Après deux ans et demi d'investigations, le débat sur cette notion s'est imposé au coeur de ce dossier dans lequel les accusatrices ont parfois été mises en difficulté par la révélation d'échanges avec M. Ramadan, jugés "ambivalents" par les enquêteurs.
Dans ses conclusions, consultées mardi par l'AFP, l'expert estime que cette dimension d'emprise, vivement contestée par la défense, se retrouve dans les relations nouées avec les deux principales plaignantes, Henda Ayari et une femme surnommée Christelle, qui dénoncent avoir été violées respectivement en 2012 et en 2009.

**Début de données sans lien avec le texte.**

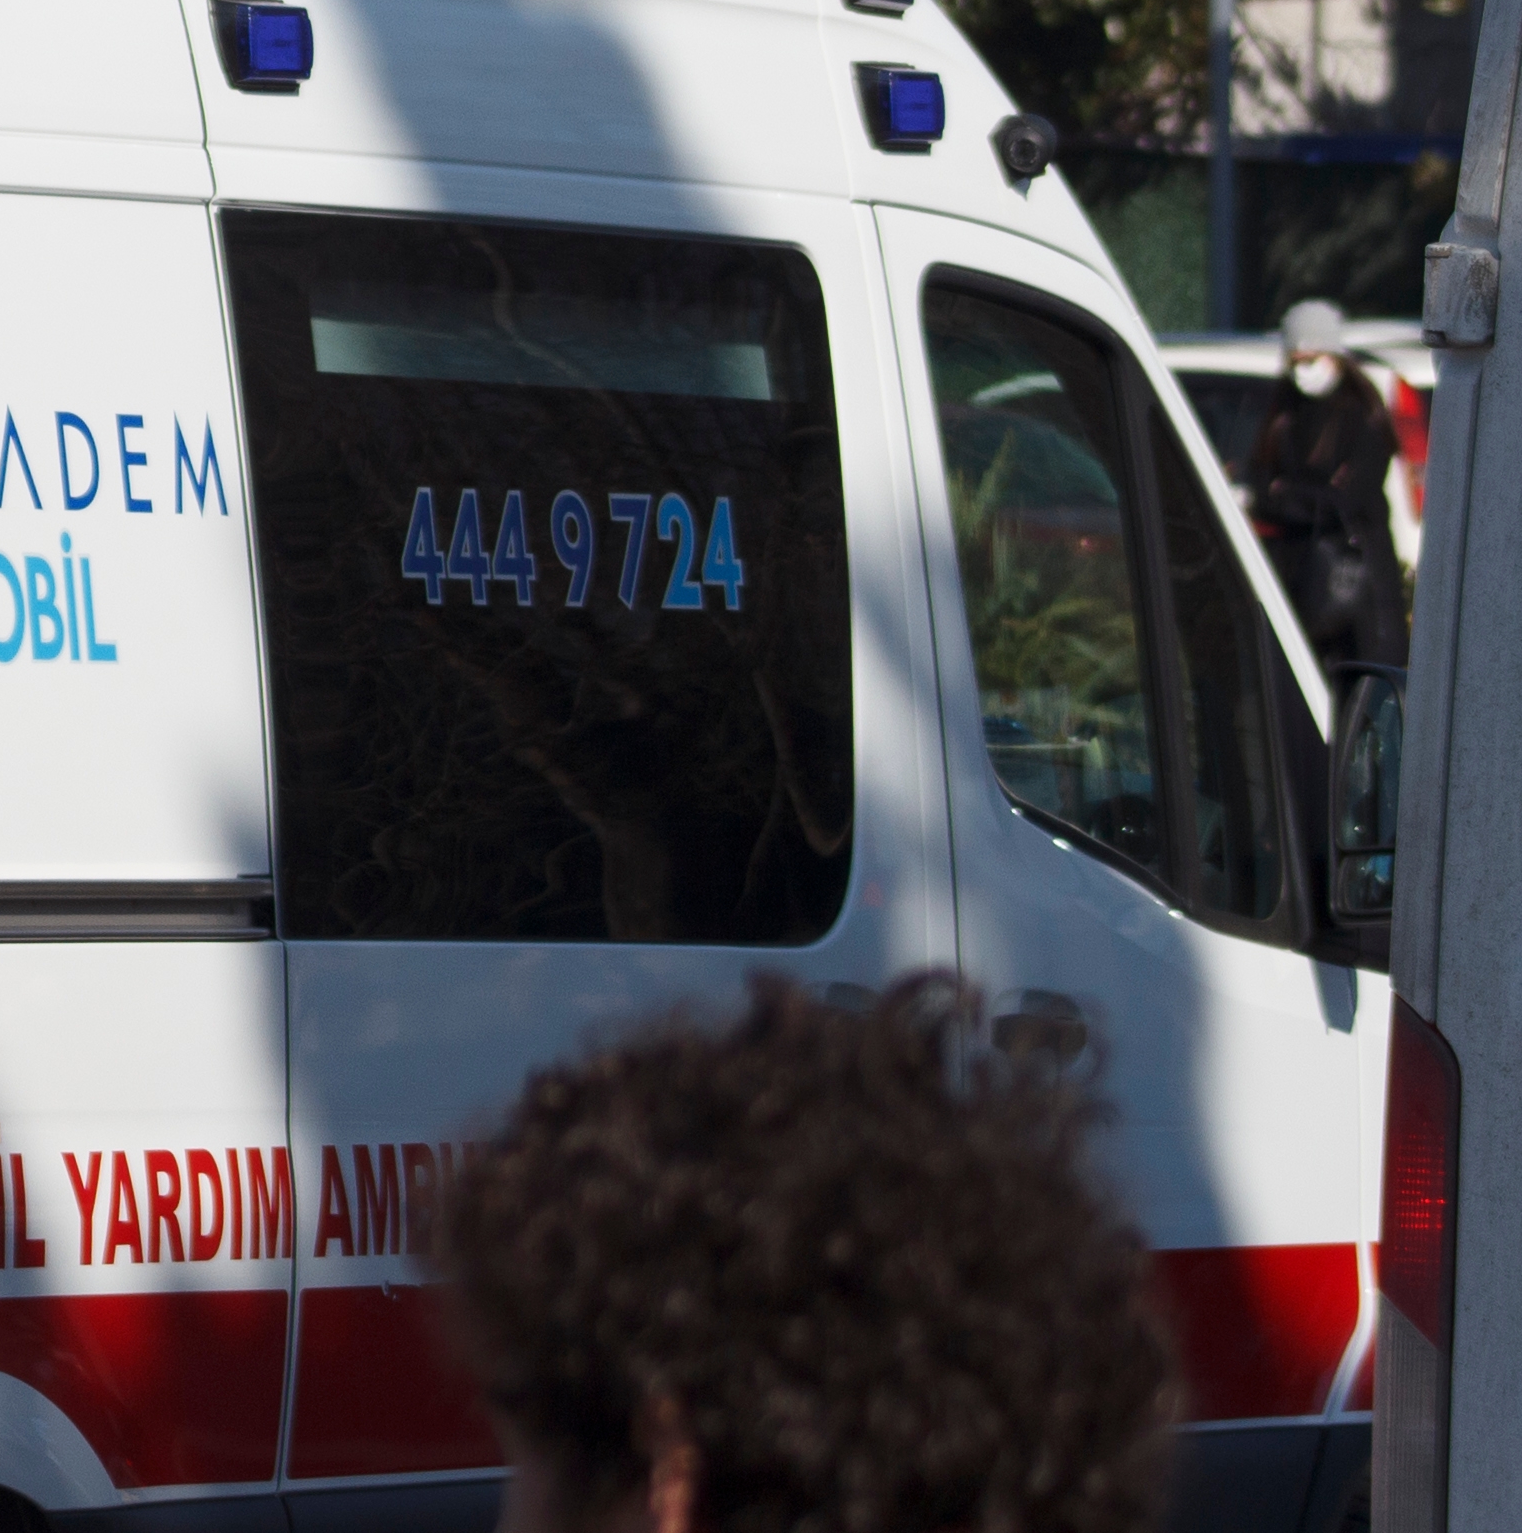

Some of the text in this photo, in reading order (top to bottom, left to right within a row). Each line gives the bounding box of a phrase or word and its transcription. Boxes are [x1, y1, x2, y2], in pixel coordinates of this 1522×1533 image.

[401, 487, 745, 612] 444 9 724
[61, 1146, 294, 1266] YARDIM
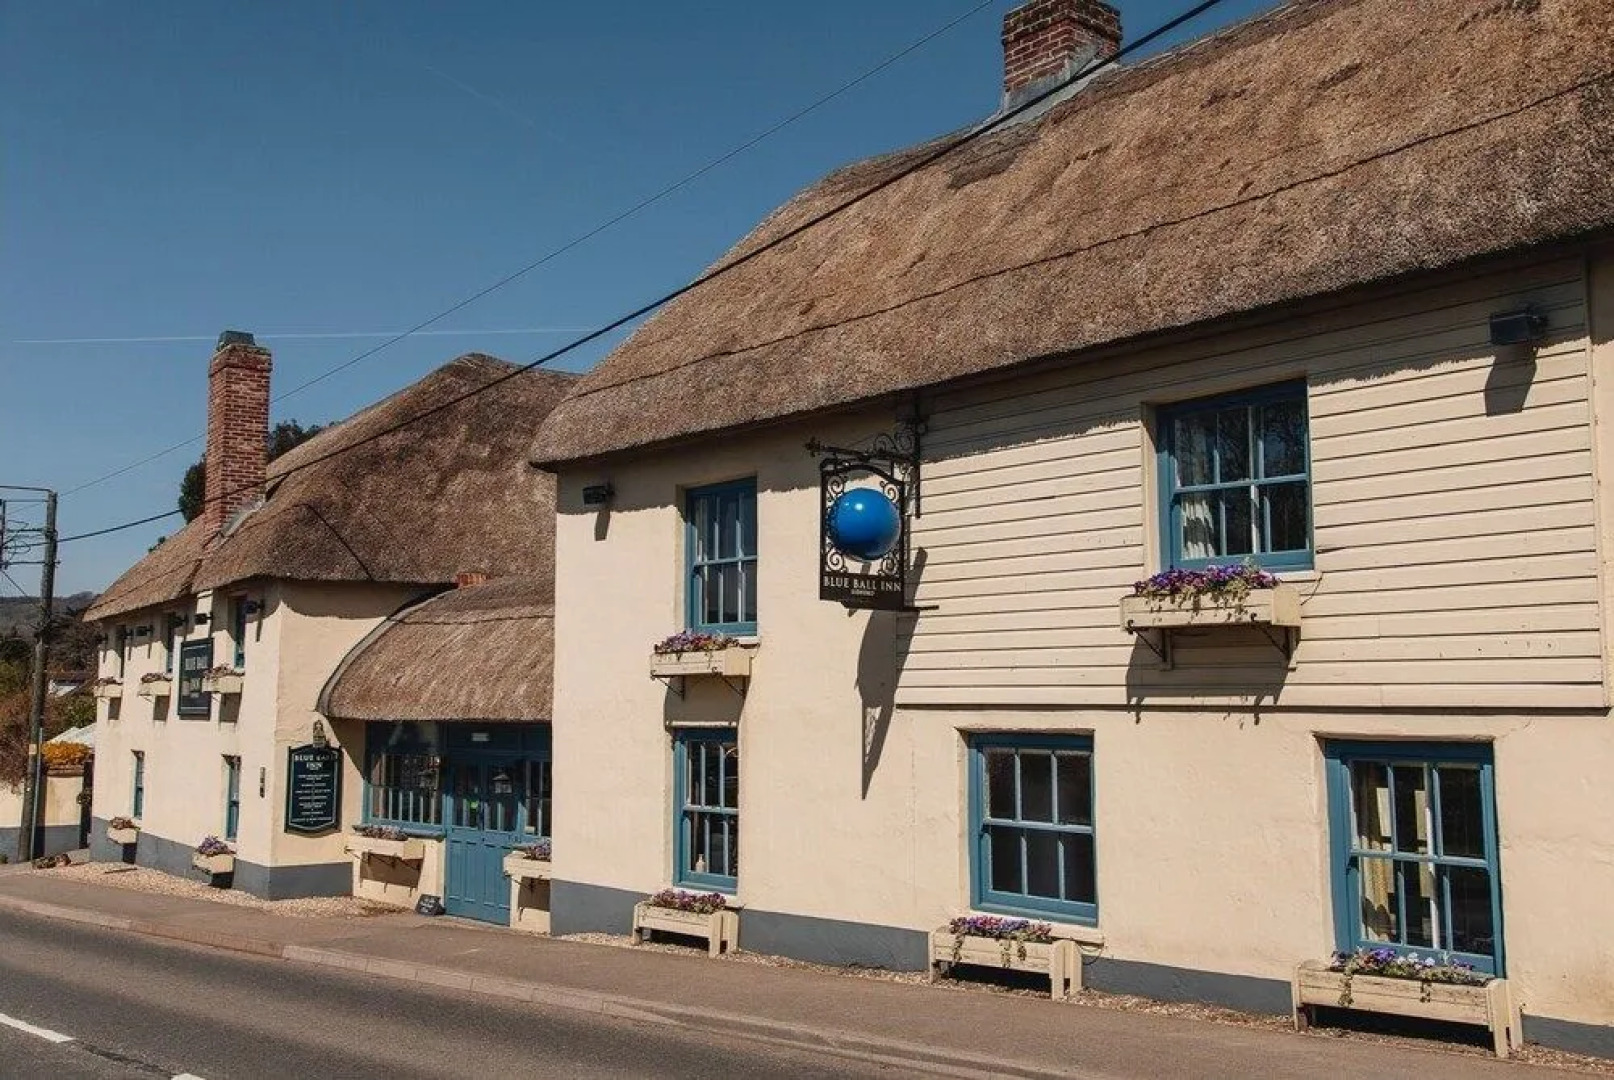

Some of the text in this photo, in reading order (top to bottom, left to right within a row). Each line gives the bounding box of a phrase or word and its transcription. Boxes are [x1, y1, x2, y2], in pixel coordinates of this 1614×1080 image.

[823, 576, 902, 592] BLUE BALL INN
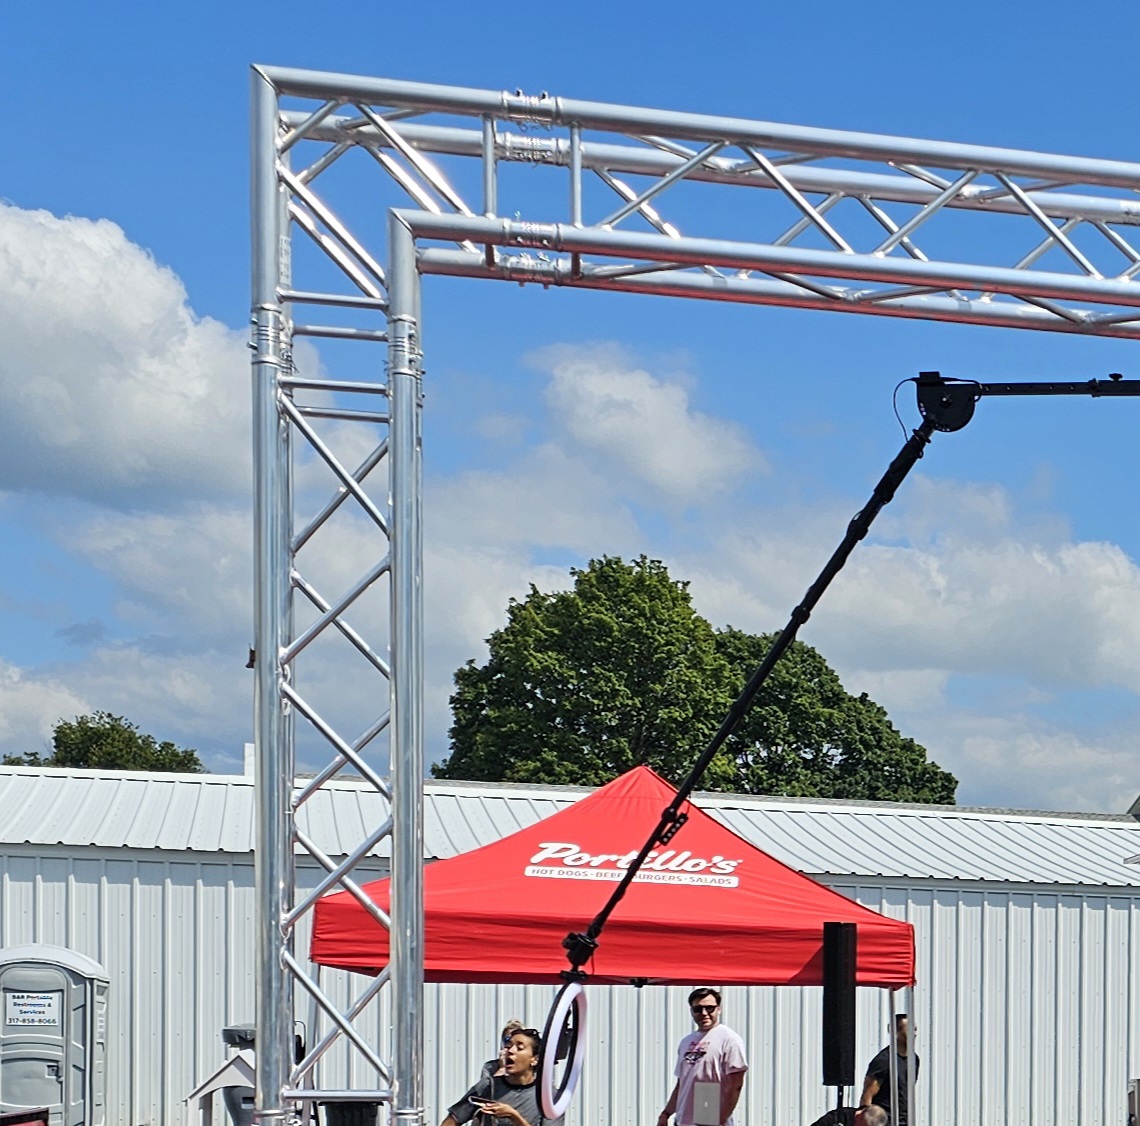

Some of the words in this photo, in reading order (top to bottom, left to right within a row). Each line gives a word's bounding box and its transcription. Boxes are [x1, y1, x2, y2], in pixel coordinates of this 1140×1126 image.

[530, 842, 738, 874] Portillo's
[531, 868, 556, 876] HOT
[558, 869, 588, 877] DOGS
[595, 871, 623, 879] BEEF
[634, 873, 683, 882] URGERS
[689, 876, 732, 885] SALADS
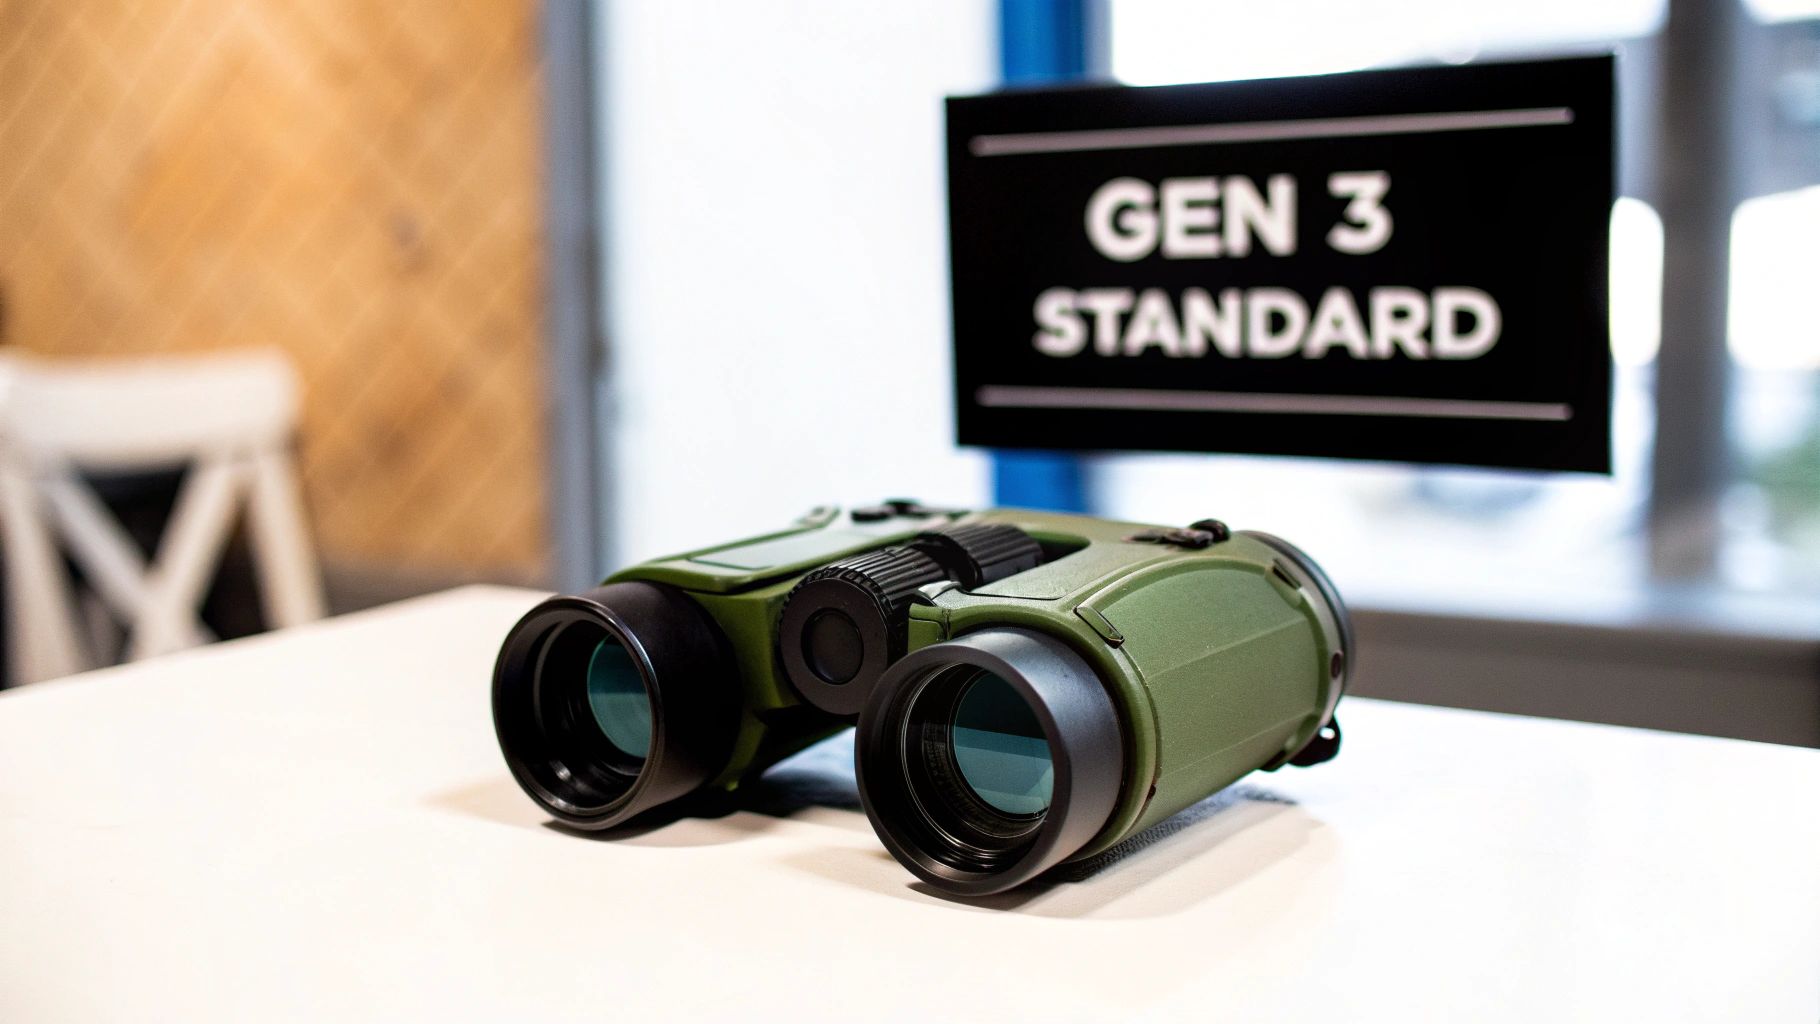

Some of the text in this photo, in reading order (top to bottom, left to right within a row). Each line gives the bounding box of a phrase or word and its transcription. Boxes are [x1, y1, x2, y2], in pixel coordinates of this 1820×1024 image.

[1086, 171, 1393, 262] GEN 3
[1033, 287, 1501, 359] STANDARD
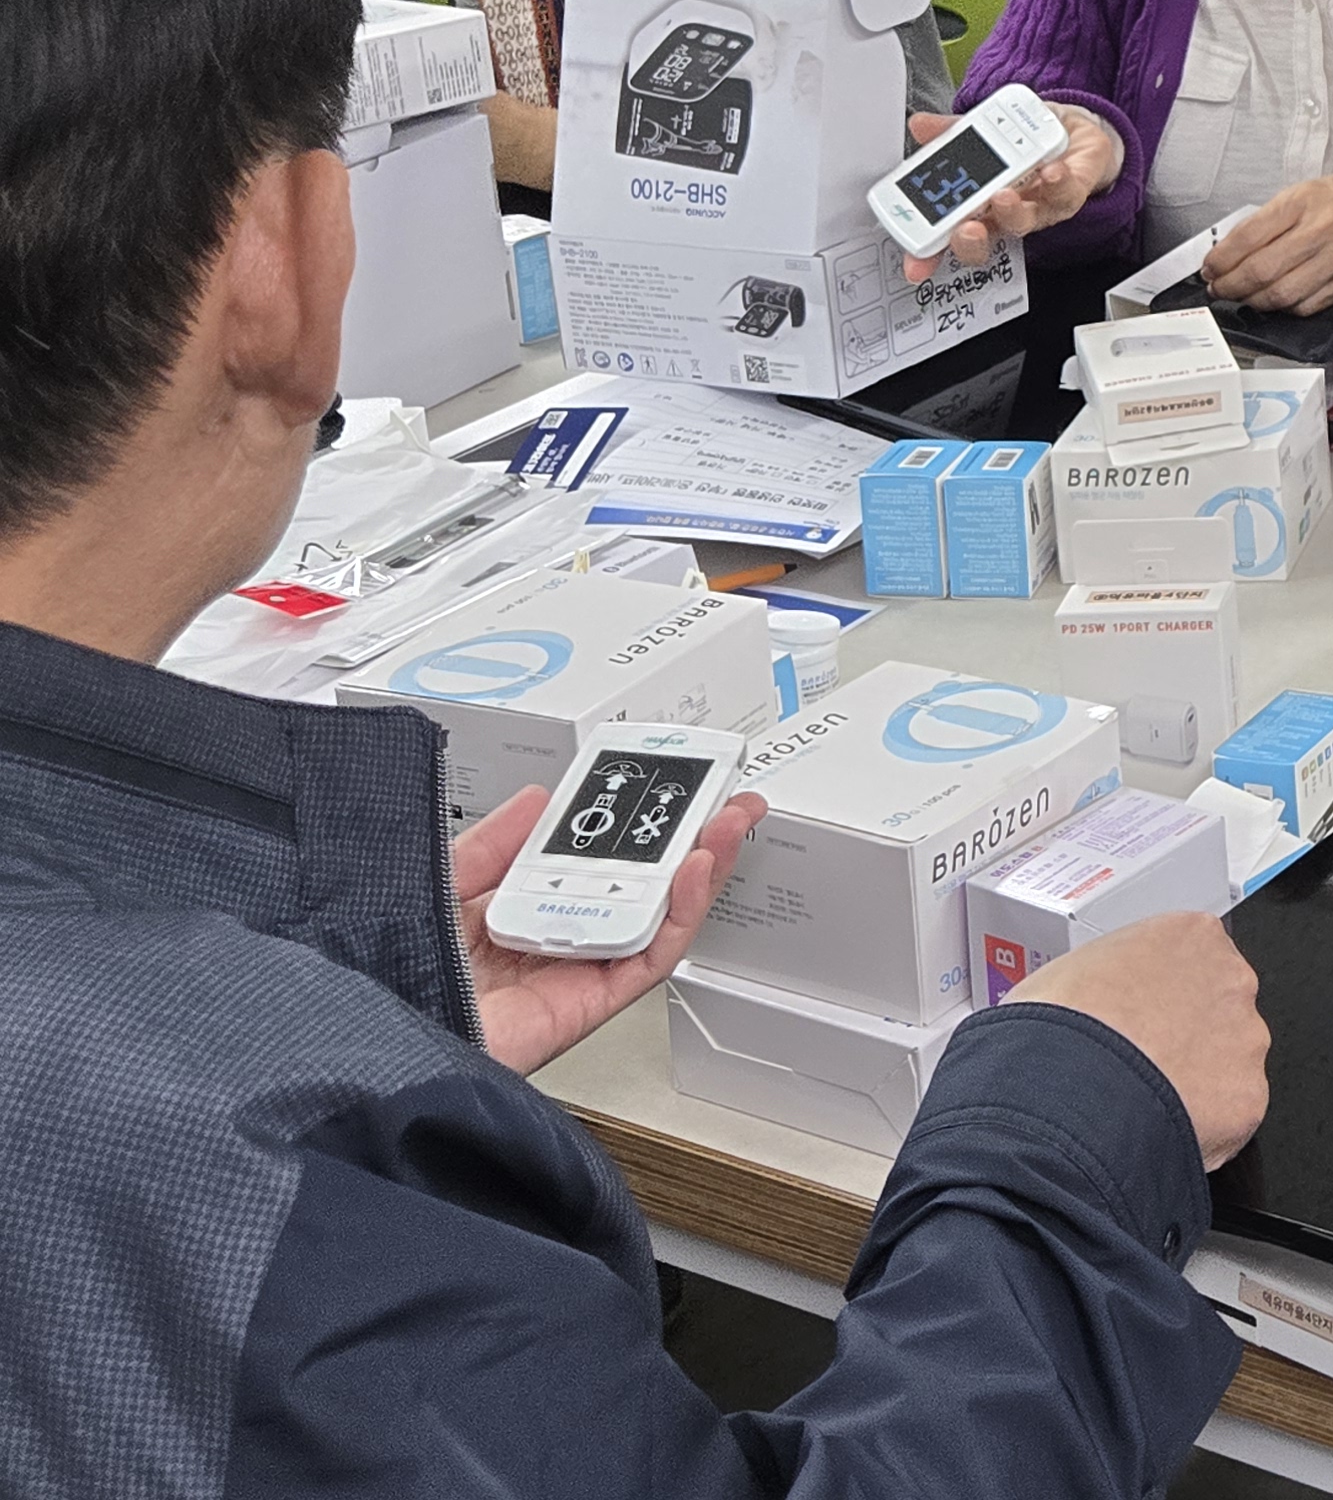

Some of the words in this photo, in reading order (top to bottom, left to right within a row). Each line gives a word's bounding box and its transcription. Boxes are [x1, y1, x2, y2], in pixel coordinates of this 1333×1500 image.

[631, 178, 728, 206] SHB-2100
[685, 208, 726, 218] ACCUNIQ
[1061, 624, 1077, 634] PD
[1081, 623, 1105, 634] 25W
[1113, 622, 1150, 633] 1PORT
[1157, 621, 1214, 632] CHARGER
[996, 947, 1016, 969] B
[1262, 1291, 1333, 1334] 덕유마을4단지

Cette dimension "éclaire essentiellement la phase postérieure aux faits, rendant compte de l'ambivalence des sentiments et réactions et de la persistance du lien dans la durée". Concernant Mme Ayari, "pour la phase antérieure, il convient de considérer également l'intensité des sentiments amoureux qui l'ont amenée à consentir à une relation sexuelle", poursuit-il.
L'expert estime par ailleurs qu'"il serait erroné de considérer que seule l'emprise a conduit [Christelle] à consentir à une rencontre sexuelle".
- "Extrême violence" -
Mais pour les deux femmes, il conclut, à l'identique: "Ce à quoi elle n'a pas consenti, c'est aux actes qu'elle décrit comme un mélange d'extrême violence et d'absence de considération pour son propre désir et sa dignité".
Concernant une troisième plaignante, une femme de 37 ans apparue l'an dernier dans l'enquête, l'expert note que "si emprise il y a eu, c'est celle de l'état amoureux de X qui a vite cédé devant le constat de l'écart entre ses attentes et la nature de celles de Monsieur Ramadan".
"C'est d'un autre ordre qu'un viol physique, (...) il y a un viol moral", avait expliqué cette femme aux enquêteurs au sujet de ses deux rencontres avec le prédicateur en mars 2016 à Paris.
Les avocats de M. Ramadan n'étaient pas disponibles dans l'immédiat pour réagir.
"C'est une démonstration magistrale, scientifique et implacable qui vient corroborer ce que le dossier dit depuis maintenant deux ans et demi et qui explique les accusations portées par les plaignantes", a réagi Me Eric Morain, avocat de Christelle.
Pour l'un des avocats de Mme Ayari, Me Jonas Haddad, "cette expertise vient caractériser l'emprise instaurée par M. Ramadan", et donc établir "la contrainte" qui constitue la définition pénale du viol.
"Elle intervient dans un climat délétère puisque ma cliente a encore été agressée la semaine dernière par un partisan de Ramadan", a-t-il ajouté.
Pour retenir la qualification de viol, punie jusqu'à 15 ans de réclusion criminelle voire 20 ans en cas de circonstances aggravantes, les juges doivent démontrer que les pénétrations sexuelles ont été imposées "par violence, contrainte, menace ou surprise", selon le code pénal.
Si la jurisprudence reconnaît dans certains cas l'existence d'une "contrainte morale", elle reste difficile à prouver et fait l'objet d'âpres batailles judiciaires.
Lors de son dernier interrogatoire le 14 février, Tariq Ramadan a lui-même accusé les juges d'instruction d'être sous "emprise politique".
Après avoir nié toute relation extraconjugale, le prédicateur a dû changer de version face aux abondantes correspondances sexuelles exhumées par les enquêteurs. Il plaide désormais des "relations de domination", rudes mais "consenties".